For some four centuries after the fall of the Han dynasty the whole of north China was governed by barbarians. Throughout the fifth and the first half of the sixth centuries A.D. the Avars, a Mongol people variously called the Jou-jan or Juan-juan, maintained an empire north of the Great Wall extending from the borders of Korea to Lake Balkash and they continually threatened north China. In 607 the Great Wall was again fortified, but at a prodigal cost: it is estimated that a million men worked for ten days during the summer of that year — and that half of them died. Later, in the Sung dynasty, the great Genghis Khan and his Mongol hordes were halted for two years by fanatical Chinese resistance; they did not break through the Wall until AD. 1209.
The Great Wall not only helped to weld the Chinese people into a great nation, but it also helped to unify the peoples of the steppes into a political and military power. The building of the Wall marks a milestone, not only in the political history of China, but in that of Asia – as a whole. It may have had a considerable effect in turning the Huns westwards to overrun Europe and thus change the course of European history. From the time that the Huns established a political hegemony over the region north of the Great Wall from Korea to central Asia, one power-structure after another rose to control that vast area. Yet none of them remained untouched by the cultural and civilizing influence of China. So strong was the cultural stability which developed in China that even when (for nearly four hundred years) north China was at the mercy of northern tribesmen, those non-Chinese conquerors gradually accepted Chinese culture and customs, merging into the Civilization of those whom they had conquered.
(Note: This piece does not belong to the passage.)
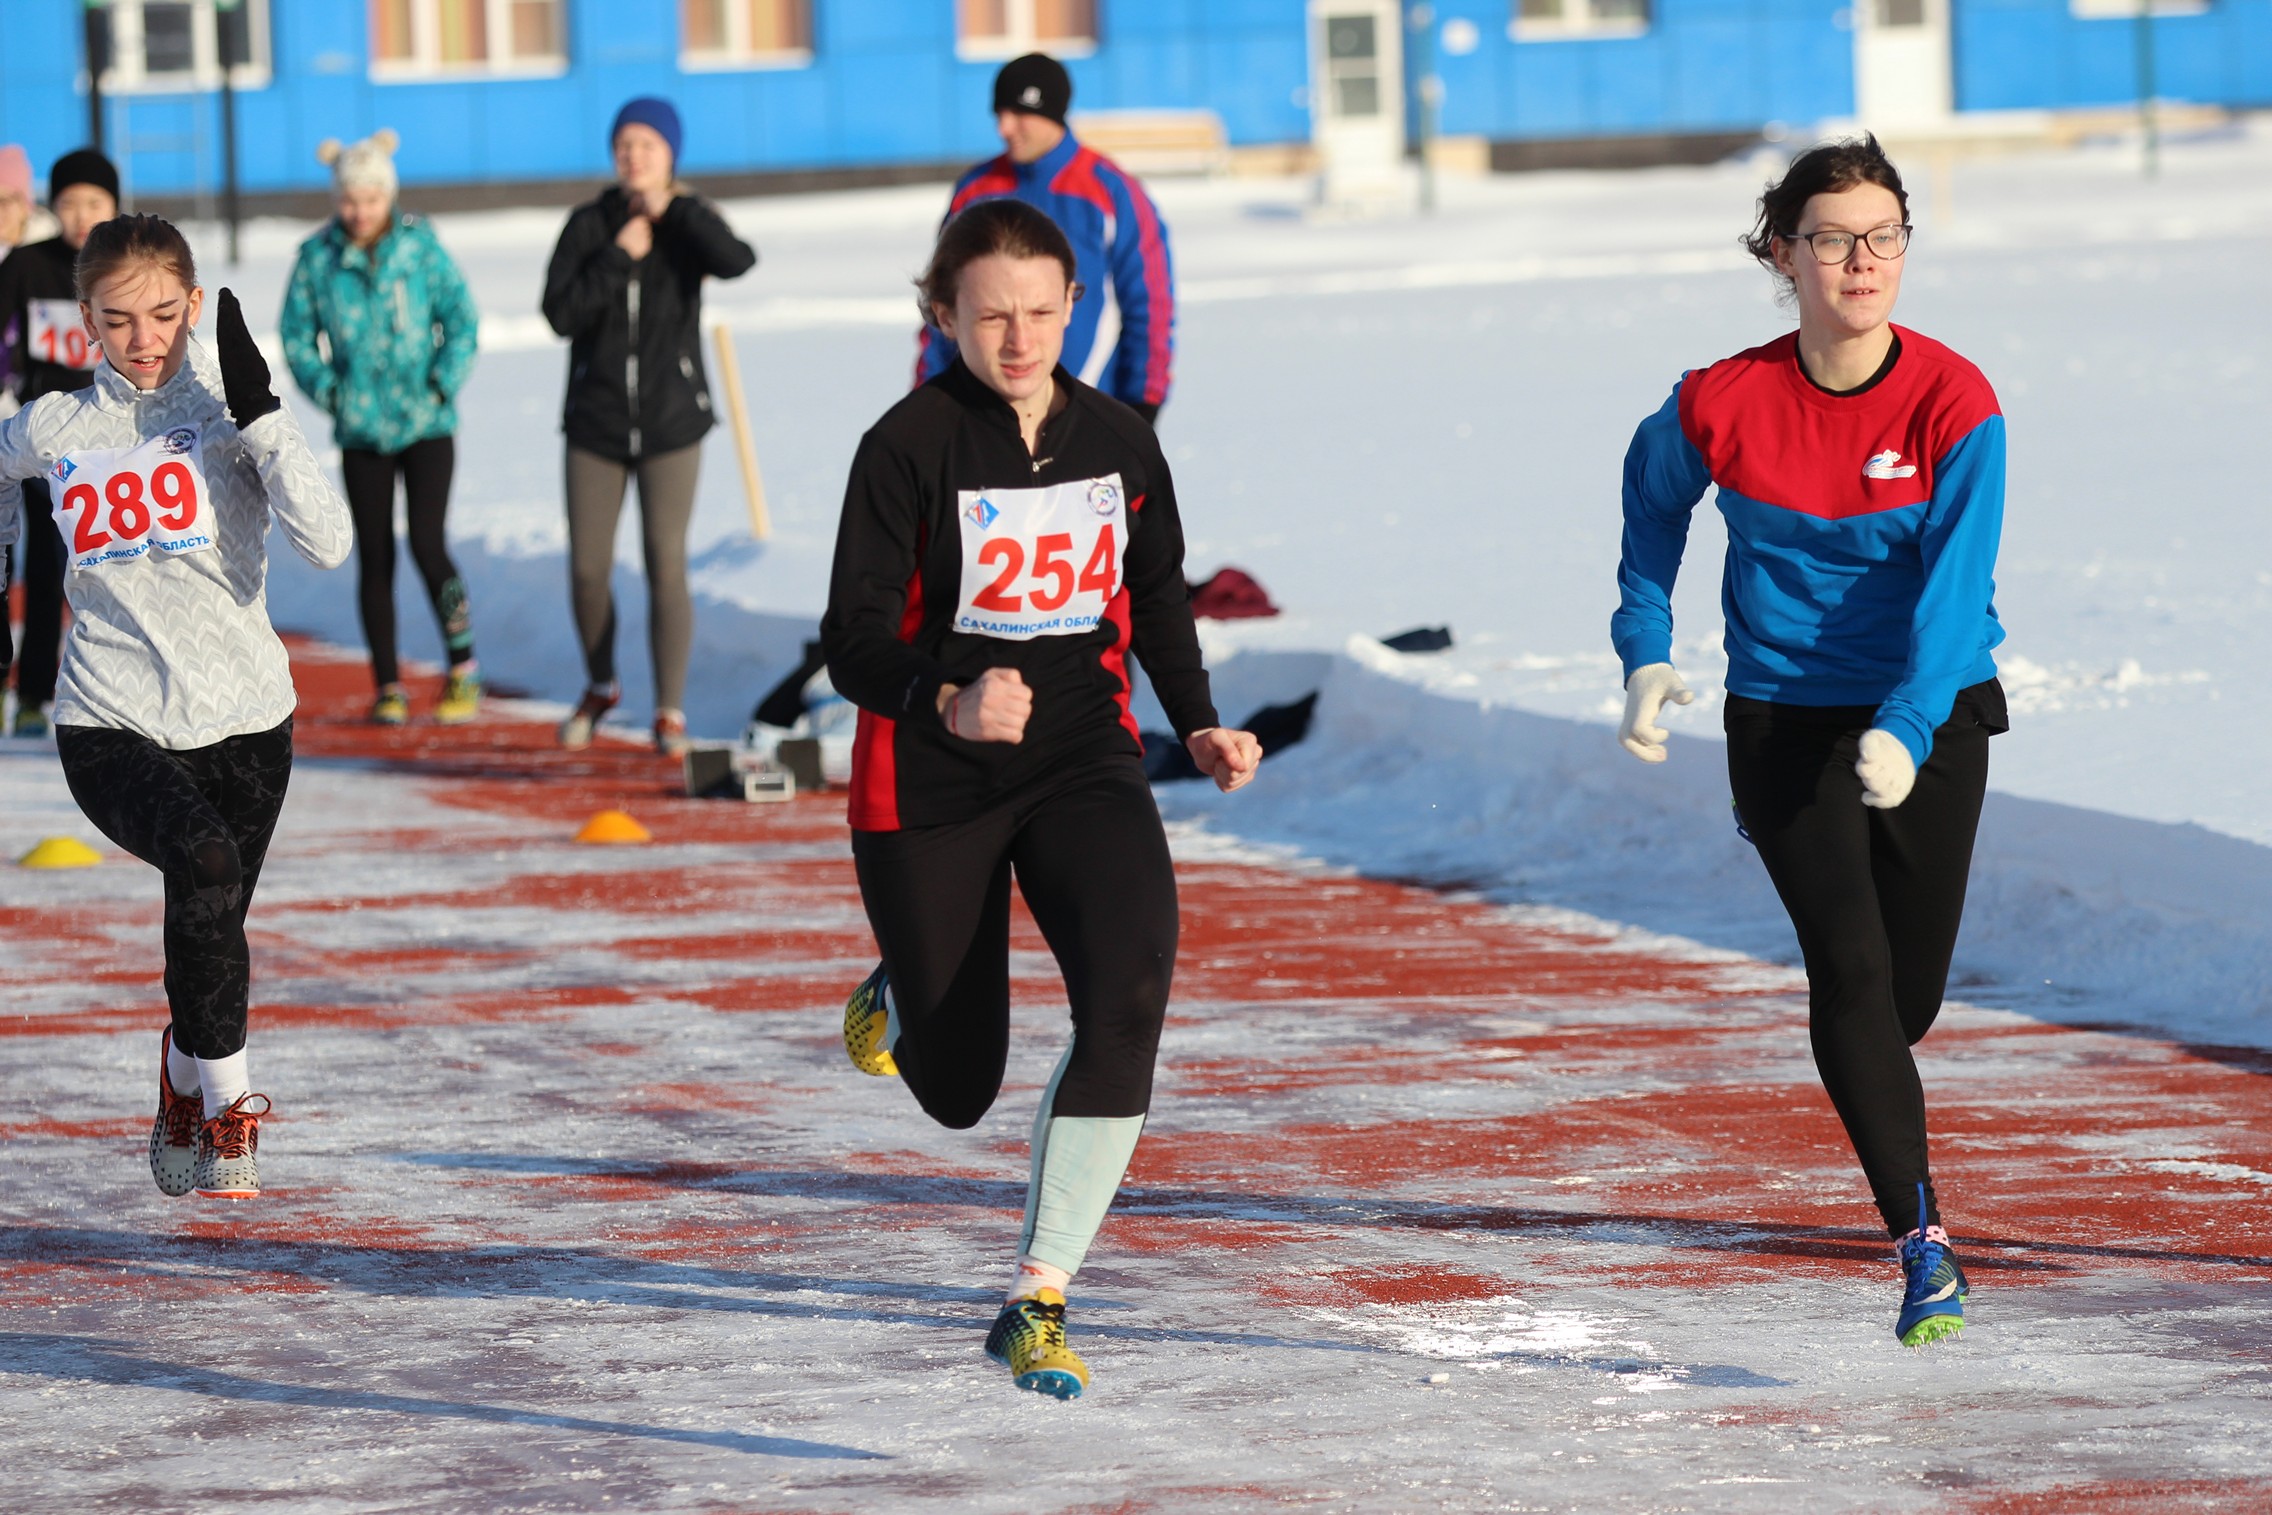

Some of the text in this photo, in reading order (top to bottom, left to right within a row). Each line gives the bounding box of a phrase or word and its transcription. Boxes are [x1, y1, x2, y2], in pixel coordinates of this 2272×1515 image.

The same thing happened when the Mongols conquered China and founded their own dynasty. Chinese culture was immeasurably enriched by this admixture with peoples from beyond the Great Wall, but the basic structure of Chinese administration and lifestyle remained intact. In fact, neither the Mongols nor the Manchus could hope to be able to rule the vast Chinese empire without relying heavily on the Confucian scholar class.
After the Manchus took over the empire in A.D. 1644 the Great Wall ceased to be of military significance. Had the Chinese general Wu Sankuei defended the mighty fortress of Shan-hai-kuan at the eastern end of the Great Wall, a purely Chinese dynasty might have established itself in place of the effete Ming. Instead, he surrendered the fortress to the Manchu armies, who rapidly occupied the whole of north China and established their capital at Peking.
The empire of the Manchus was no longer bounded on the north by the Great Wall; Manchuria, Mongolia, Sinkiang and Tibet all remained outside it. New and entirely different enemies from overseas began to engage the attention of the Chinese government and the Wall, ungarrisoned and neglected, gradually fell into disrepair. Materials were even scavenged from it to construct the imperial tombs of the new dynasty. Today what remains of the Great Wall stands as an eternal witness to the dream of the First Emperor and great empire-builder, Shih-huang-ti.